El otro país podría rechazar la posición de Estados Unidos y su Poder Legislativo podría negarse a aprobar la ley demandada, pero el ejercicio de su soberanía tendría un precio. Si Estados Unidos se niega a certificar el cumplimiento en un Tratado de Libre Comercio bilateral, el otro país no podría disfrutar de los beneficios que obtuvo de Estados Unidos, tales como aranceles más bajos.

Si el acuerdo entra en vigor entre partes que no son Estados Unidos, todos esos países tendrán que cumplir con las reglas genéricas. Estados Unidos podría negar las oportunidades de acceso al mercado más preciadas que se ofrecen en el TPPA, al tiempo que los países aún estarían obligados a cambiar sus leyes y políticas nacionales cuando el TPPA entre en vigor entre las partes no estadounidenses. La mayoría de esas leyes y políticas pasarán a ser aplicables de forma general para todos los países -la nueva ley de la tierra- por lo que Estados Unidos obtendría de facto los beneficios, sin hacer ninguna concesión.

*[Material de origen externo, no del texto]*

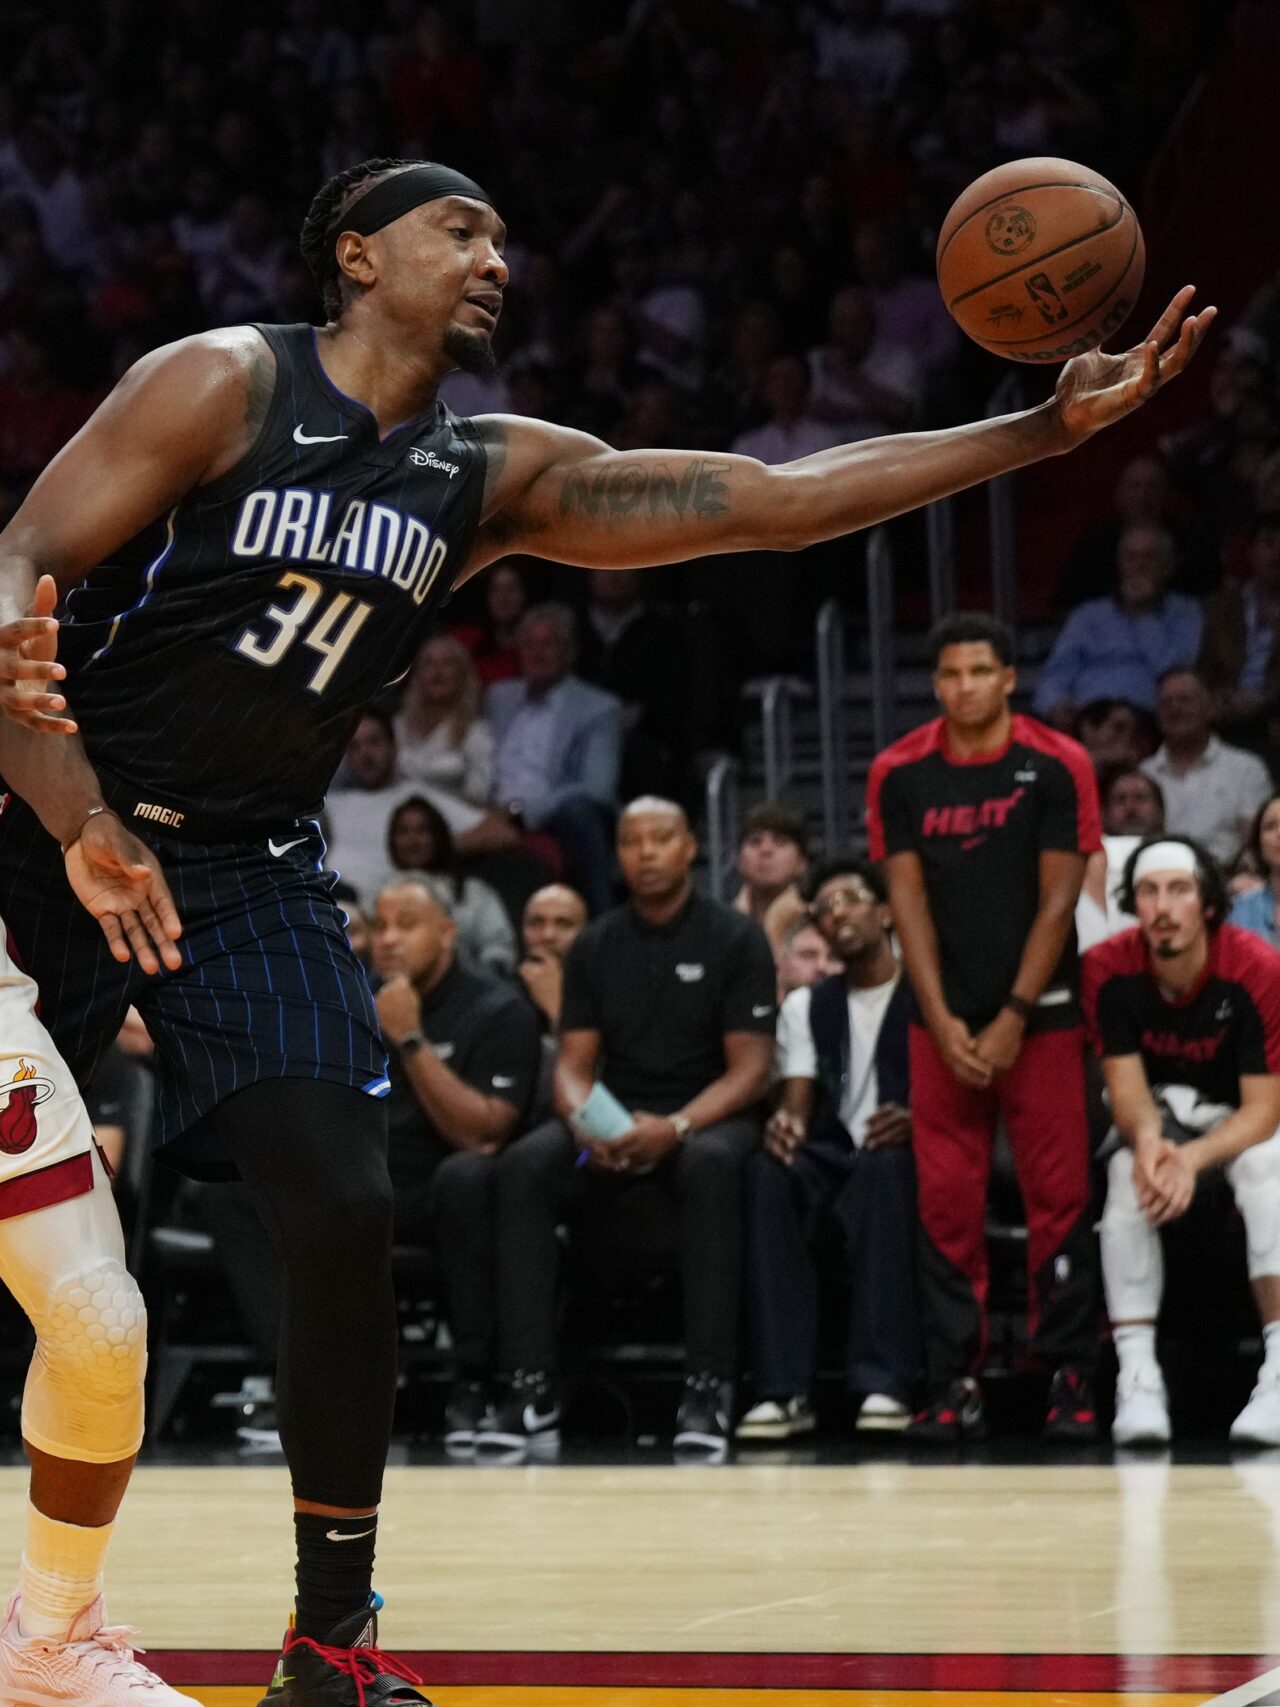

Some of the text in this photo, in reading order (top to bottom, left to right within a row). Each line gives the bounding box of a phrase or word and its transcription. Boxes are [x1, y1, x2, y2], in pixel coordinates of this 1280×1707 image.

[410, 446, 460, 479] Disney
[233, 490, 447, 605] ORLANDO
[235, 570, 374, 694] 34
[133, 802, 185, 828] MAGIC
[922, 787, 1025, 836] HEAT

Los efectos secundarios del proceso de certificación se tratan como un asunto de política interna que se deja para que lo maneje el gobierno.

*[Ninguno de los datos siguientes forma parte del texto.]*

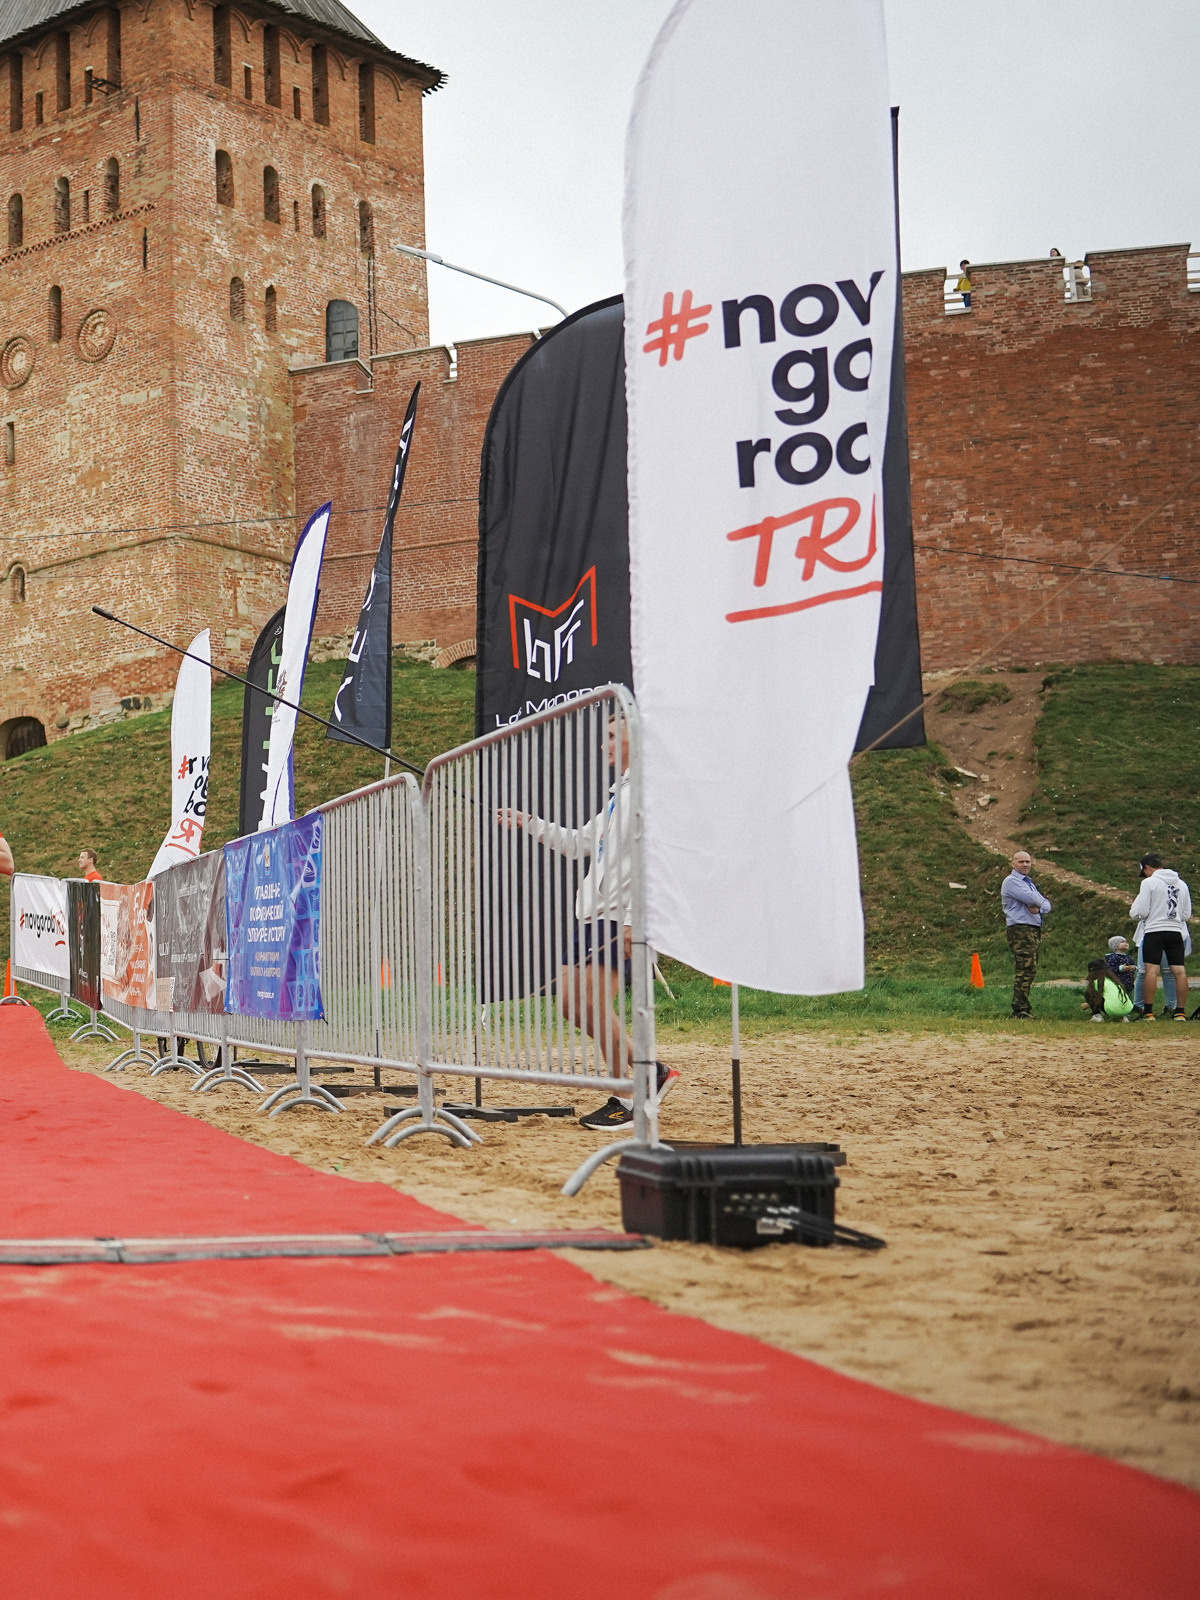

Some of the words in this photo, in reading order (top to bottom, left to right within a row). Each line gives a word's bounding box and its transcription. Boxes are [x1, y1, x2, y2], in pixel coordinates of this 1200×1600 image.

[643, 270, 886, 367] #nov
[772, 337, 873, 426] go
[726, 493, 877, 588] TRI

La certificación puede extenderse durante años después de que cada país haya cumplido con sus requisitos constitucionales para la ratificación. De hecho, la creación de la obligación de certificación en la legislación que implementa los TLC de Estados Unidos contempla la posibilidad de que la promulgación de un pacto pueda retenerse indefinidamente.

Hay numerosos ejemplos de funcionarios estadounidenses que participan en la redacción de las leyes de la otra parte para asegurarse de que cumplan con los requisitos de Estados Unidos para la certificación.

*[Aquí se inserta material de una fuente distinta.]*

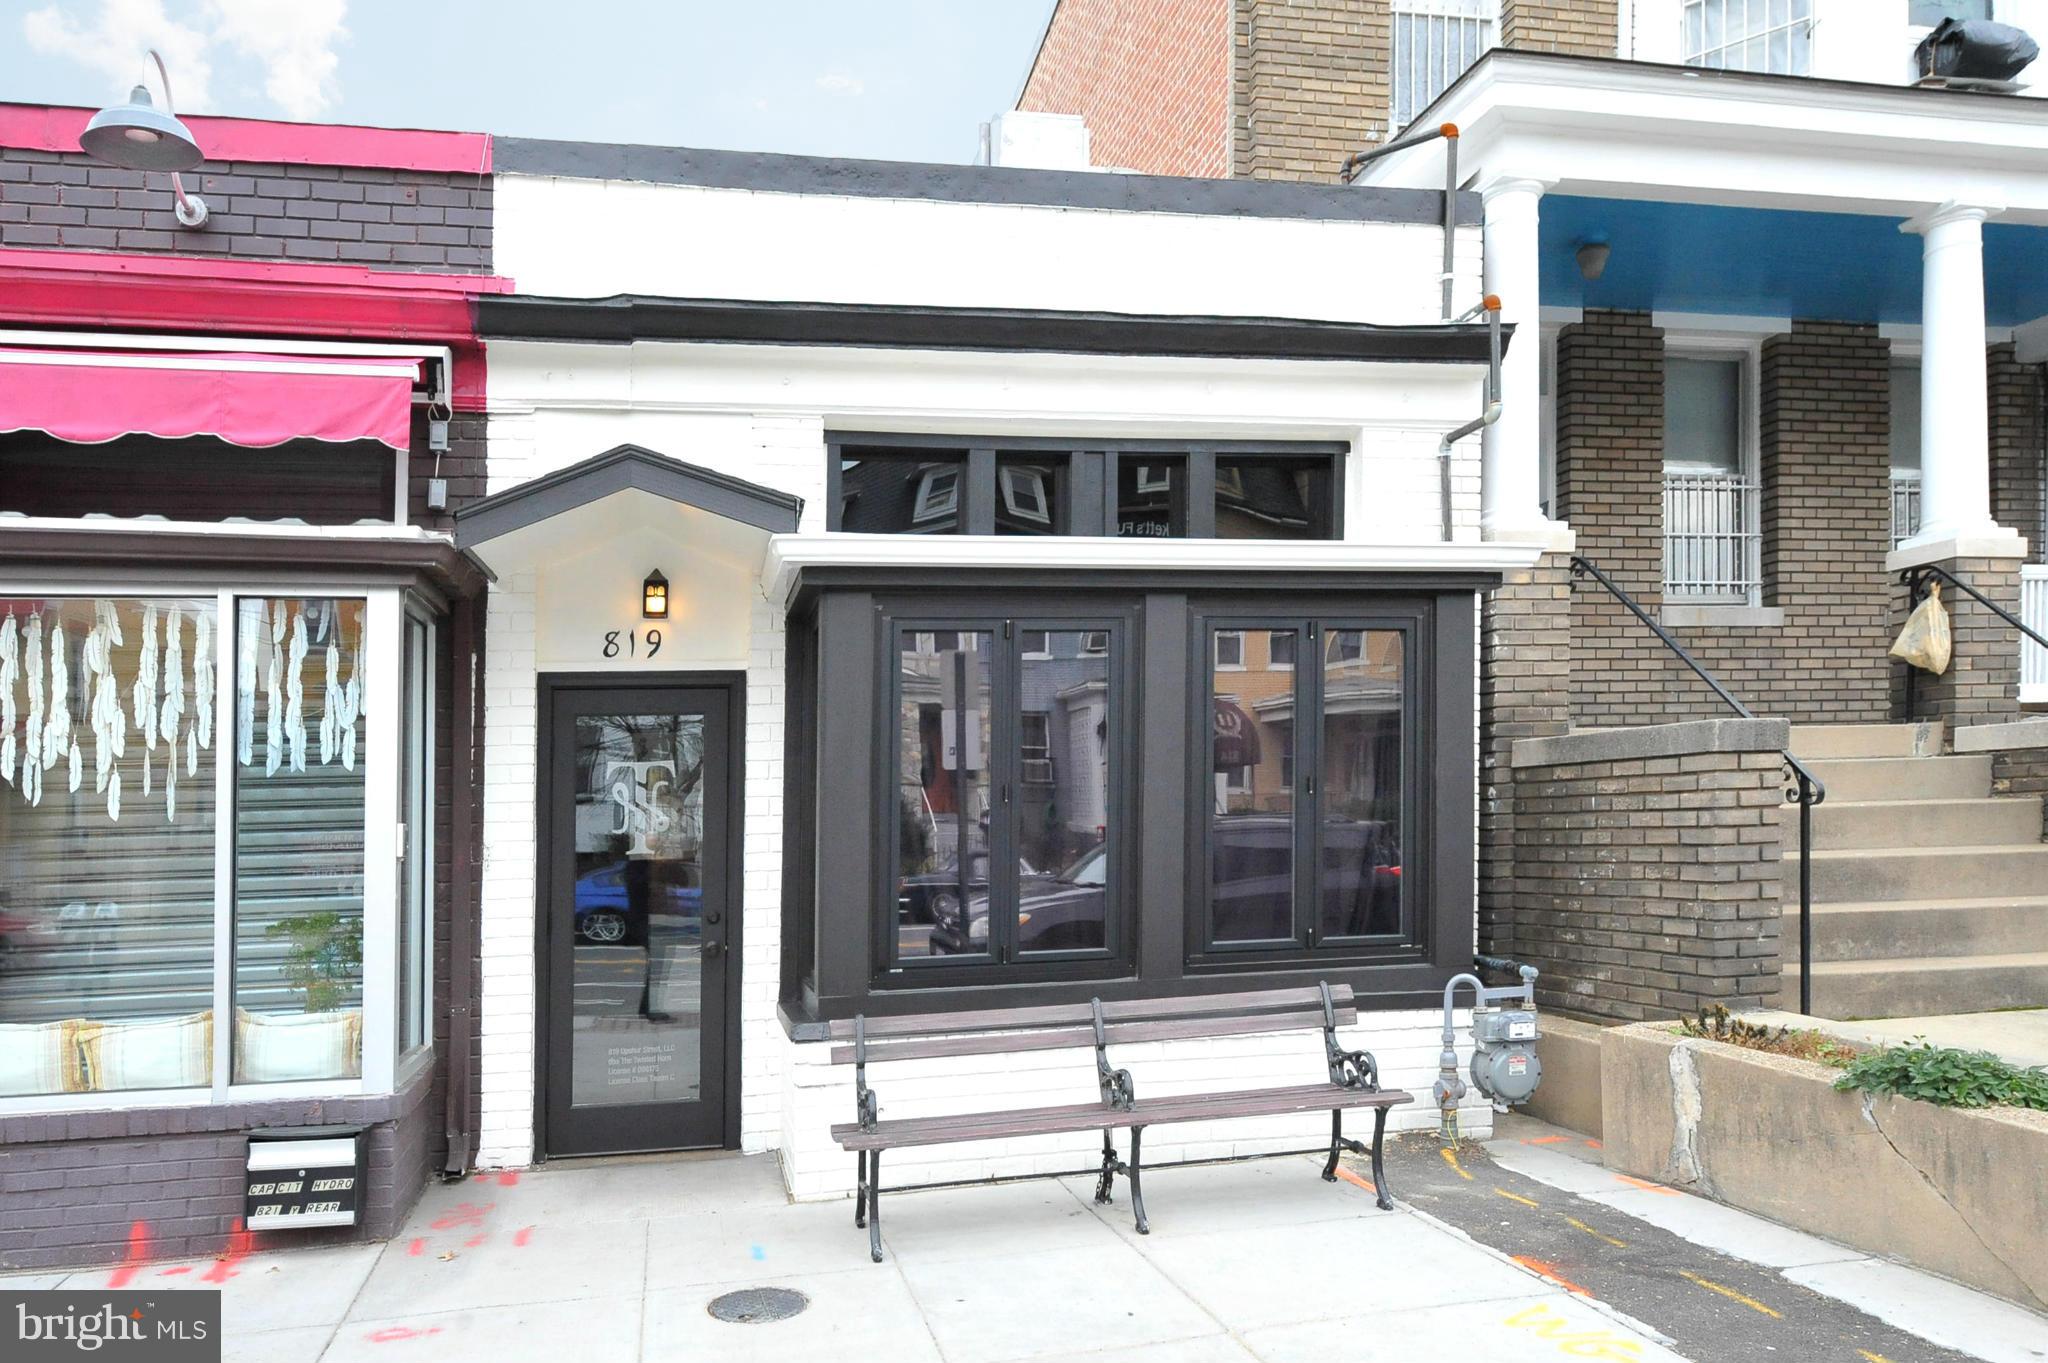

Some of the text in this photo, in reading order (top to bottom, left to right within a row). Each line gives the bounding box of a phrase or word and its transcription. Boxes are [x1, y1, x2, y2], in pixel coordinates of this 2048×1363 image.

Los intereses corporativos estadounidenses dirigen las demandas del gobierno de Estados unidos durante el proceso de certificación, además de los detalles de la legislación estadounidense para aprobar cualquier acuerdo de libre comercio.

La certificación es un requisito adicional, separado de la vía rápida. En el marco del proceso por vía rápida, el Congreso otorga al presidente de Estados Unidos la autoridad para negociar, firmar y celebrar un acuerdo antes de la votación del Congreso. La vía rápida prohíbe cualquier modificación y limita también las horas de debate en el Congreso, a fin de garantizar la rápida aprobación del pacto.

Una mayoría de los miembros del Congreso podría insistir en realizar cambios al TPPA, incluso con la vía rápida. Si se firma un TPPA sin incluir normas sobre la llamada manipulación de la moneda, por ejemplo, es probable que Estados Unidos realice demandas adicionales para agregar estos términos después de la firma, alegando que no podía conseguir el acuerdo firmado por el Congreso sin concesiones adicionales.

Actualmente el presidente Barack Obama no tiene autoridad de vía rápida, sin la cual se aplican los procedimientos de votación normales del Congreso. Los comités de la Cámara de Representantes y del Senado podrían proponer una enmienda a la legislación que implementa el TPPA que hiciera que la promulgación del acuerdo quedara condicionada a las características adicionales que se incluyan en el texto o a que se eliminen las concesiones a Estados Unidos. O podrían simplemente negarse a aprobar algunos aspectos del acuerdo firmado, lo que significaría que no tendría fuerza de ley con respecto a Estados Unidos.